Dataset Proposal

2022-03-04

Dataset 1

https://data.boston.gov/dataset/311-service-requests

The dataset contains 273951 observations across 20 variables, recording all cases of Boston 311 calls requested for non-emergency city services in 2021.The variables include time, location, closure status, case title, type, and queue which the case assigned to, classifying a case into different categories. The dataset is already clean, but we can do further cleaning on some columns to facilitate the analysis. We are hoping to use this dataset to examine the distribution of reasons for requests for non-emergency city services. We are interested in seeing which types of requests are most common, and if there are any types of services that are more or less likely to be fulfilled. We will also use the zip code variable to determine if there is any association between location and type/frequency of request(s). This dataset also includes variables on the date and time which each case was opened and closed, so we can examine whether or not there is any relationship between the type and duration of a case. The analysis on this dataset, however, may require expertise on city services, and we are lacking knowledge in this field. We may also run into issues with any missing values.

Dataset 2

https://carnegieclassifications.iu.edu/downloads.php

This dataset contains information about all US colleges and universities for the year 2021. The dataset includes 101 different variables and nearly 4000 observations. Most of the data comes from the CCIHE (Carnegie Classification of Institutions of Higher Education) or IPEDS (Integrated Postsecondary Education Data System), with a few of the variables coming from different sources. The data is already for the most part cleaned, although we may find that some cleaning is necessary once we begin working with the dataset. This dataset has just over 100 variables, so there are lots of interesting trends to look into.

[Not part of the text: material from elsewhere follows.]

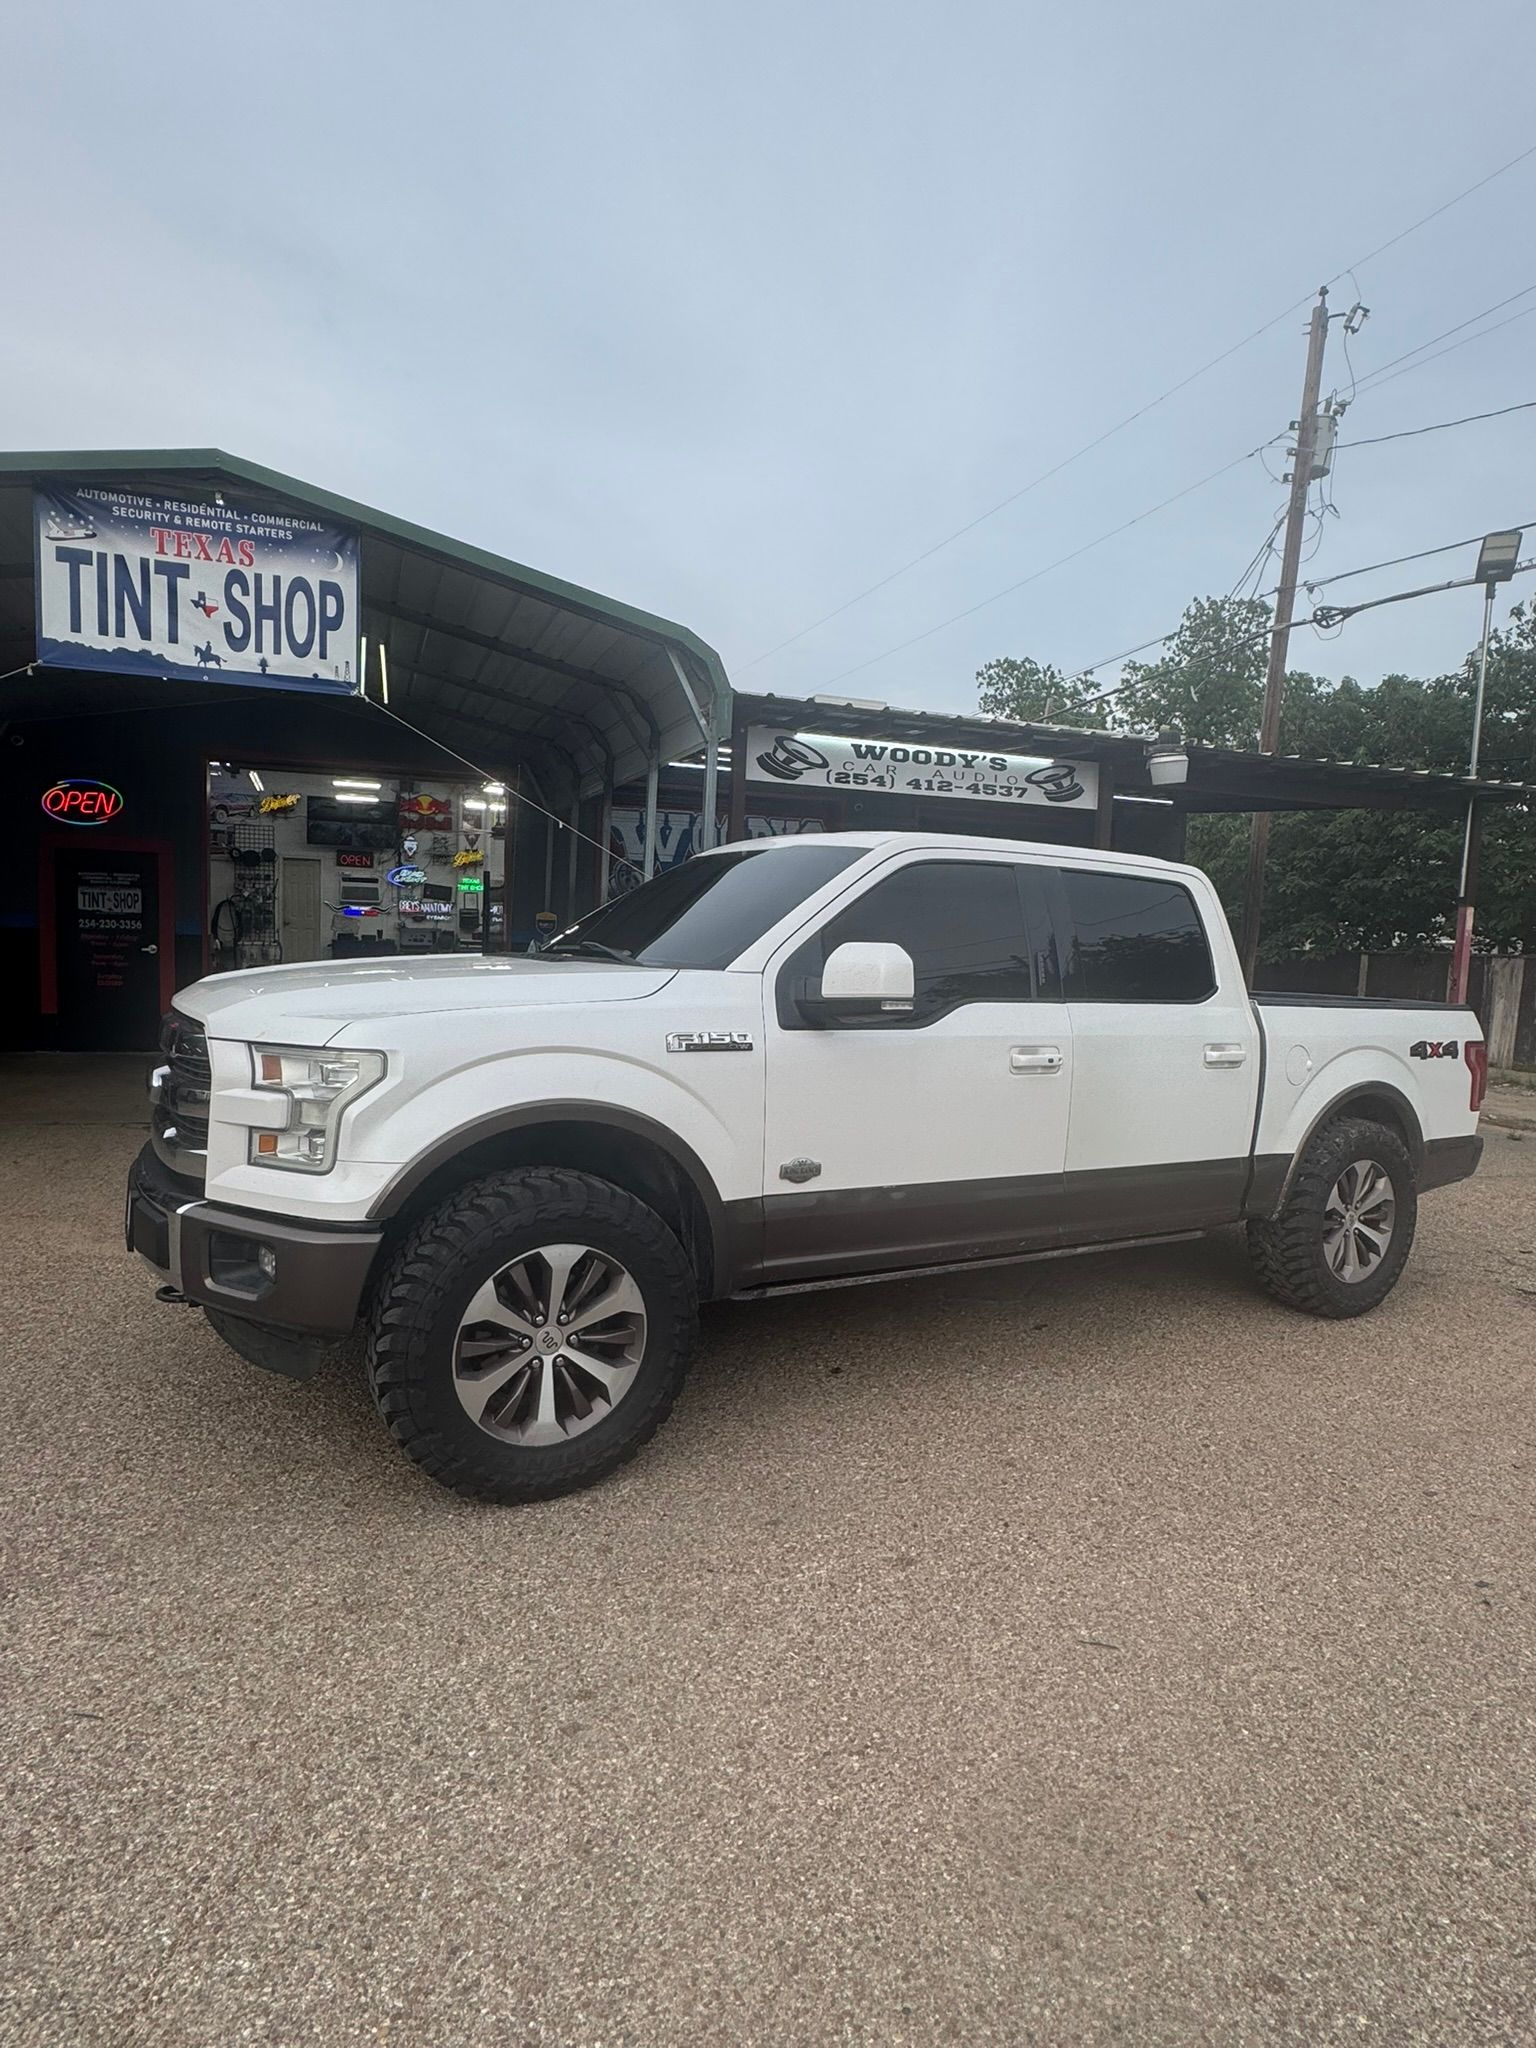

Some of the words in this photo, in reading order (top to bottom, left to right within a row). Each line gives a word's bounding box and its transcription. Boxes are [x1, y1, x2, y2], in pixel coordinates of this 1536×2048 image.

We might want to compare data on admissions/selectivity across different types of colleges (e.g. public versus private, minority serving vs non-minority serving institutions, city vs rural/suburban, etc). We could also look at how funding for research and development differs across different types of institutions. We are interested in looking at the distribution of resources available at different types of institutions, and determining whether or not this distribution seems equitable. There are some variables with a lot of missing values, so we may have some difficulties if we are interested in examining these variables. This dataset also only contains no categorical data (aside from college name and city), so this might make some comparisons more difficult.

Dataset 3

https://www.kaggle.com/jpmiller/police-violence-in-the-us?select=police_killings_MPV.csv

This dataset comes from the larger directory entitled Police Violence and Racial Equity, and the source for the dataset we are interested in is called Mapping Police Violence. This specific dataset contains information on police killings. The variables included in the dataset are the victim’s name, gender, age, and race, as well as information on the date, city, and state of the incident. There are additional variables represented in the dataset which contextualize the incidents (such as cause of death, agency held responsible, criminal charges, etc). This dataset has 29 variables in total, and roughly 8000 rows. The data is already mostly cleaned, although after loading the dataset we will undoubtedly need to do some cleaning. We are interested in looking at the overall demographics of victims of police shootings, as well as identifying any trends regarding the context in which these incidents happen. We will look in depth at data regarding the victim’s gender and race, as well as data on the date and location of the incident. There is a lot of missing data, especially for some of the demographics variables, which will make some of our analysis difficult. This is also an extremely sensitive subject, so it may be difficult to conduct a purely objective analysis of the data.